YOUR GOAL ->
What you return should match the data below exactly, line for line.

Top of INPUT RECORDS

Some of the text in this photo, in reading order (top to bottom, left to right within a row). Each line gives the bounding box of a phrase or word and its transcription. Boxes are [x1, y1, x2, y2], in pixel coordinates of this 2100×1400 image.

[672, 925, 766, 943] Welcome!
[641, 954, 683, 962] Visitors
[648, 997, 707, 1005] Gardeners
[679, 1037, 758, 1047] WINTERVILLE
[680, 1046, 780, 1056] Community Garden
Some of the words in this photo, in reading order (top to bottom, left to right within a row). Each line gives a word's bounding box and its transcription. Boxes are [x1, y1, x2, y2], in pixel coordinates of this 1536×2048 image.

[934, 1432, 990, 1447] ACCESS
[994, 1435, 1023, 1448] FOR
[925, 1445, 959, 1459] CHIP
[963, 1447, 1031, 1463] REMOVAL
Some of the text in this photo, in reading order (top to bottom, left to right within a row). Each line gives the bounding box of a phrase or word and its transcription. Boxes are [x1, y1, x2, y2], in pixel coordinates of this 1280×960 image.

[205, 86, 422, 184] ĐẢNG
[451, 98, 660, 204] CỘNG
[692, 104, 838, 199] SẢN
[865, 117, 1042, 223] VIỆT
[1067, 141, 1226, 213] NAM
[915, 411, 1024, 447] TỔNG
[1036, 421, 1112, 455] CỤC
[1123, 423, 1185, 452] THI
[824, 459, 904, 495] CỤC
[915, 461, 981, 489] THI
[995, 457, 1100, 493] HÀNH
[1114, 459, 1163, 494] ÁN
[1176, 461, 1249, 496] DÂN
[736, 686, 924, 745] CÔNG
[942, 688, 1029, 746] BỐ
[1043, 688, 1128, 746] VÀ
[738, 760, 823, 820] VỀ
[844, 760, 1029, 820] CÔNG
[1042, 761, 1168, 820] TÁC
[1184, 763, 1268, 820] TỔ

Bottom of INPUT RECORDS

RESULT FOR THIS EXERCISE ->
Some of the text in this photo, in reading order (top to bottom, left to right within a row). Each line gives the bounding box of a phrase or word and its transcription. Boxes are [x1, y1, x2, y2], in pixel coordinates of this 2100×1400 image.

[672, 925, 766, 943] Welcome!
[641, 954, 683, 962] Visitors
[648, 997, 707, 1005] Gardeners
[679, 1037, 758, 1047] WINTERVILLE
[680, 1046, 780, 1056] Community Garden
Some of the words in this photo, in reading order (top to bottom, left to right within a row). Each line gives a word's bounding box and its transcription. Boxes are [x1, y1, x2, y2], in pixel coordinates of this 1536×2048 image.

[934, 1432, 990, 1447] ACCESS
[994, 1435, 1023, 1448] FOR
[925, 1445, 959, 1459] CHIP
[963, 1447, 1031, 1463] REMOVAL
Some of the text in this photo, in reading order (top to bottom, left to right within a row). Each line gives the bounding box of a phrase or word and its transcription. Boxes are [x1, y1, x2, y2], in pixel coordinates of this 1280×960 image.

[205, 86, 422, 184] ĐẢNG
[451, 98, 660, 204] CỘNG
[692, 104, 838, 199] SẢN
[865, 117, 1042, 223] VIỆT
[1067, 141, 1226, 213] NAM
[915, 411, 1024, 447] TỔNG
[1036, 421, 1112, 455] CỤC
[1123, 423, 1185, 452] THI
[824, 459, 904, 495] CỤC
[915, 461, 981, 489] THI
[995, 457, 1100, 493] HÀNH
[1114, 459, 1163, 494] ÁN
[1176, 461, 1249, 496] DÂN
[736, 686, 924, 745] CÔNG
[942, 688, 1029, 746] BỐ
[1043, 688, 1128, 746] VÀ
[738, 760, 823, 820] VỀ
[844, 760, 1029, 820] CÔNG
[1042, 761, 1168, 820] TÁC
[1184, 763, 1268, 820] TỔ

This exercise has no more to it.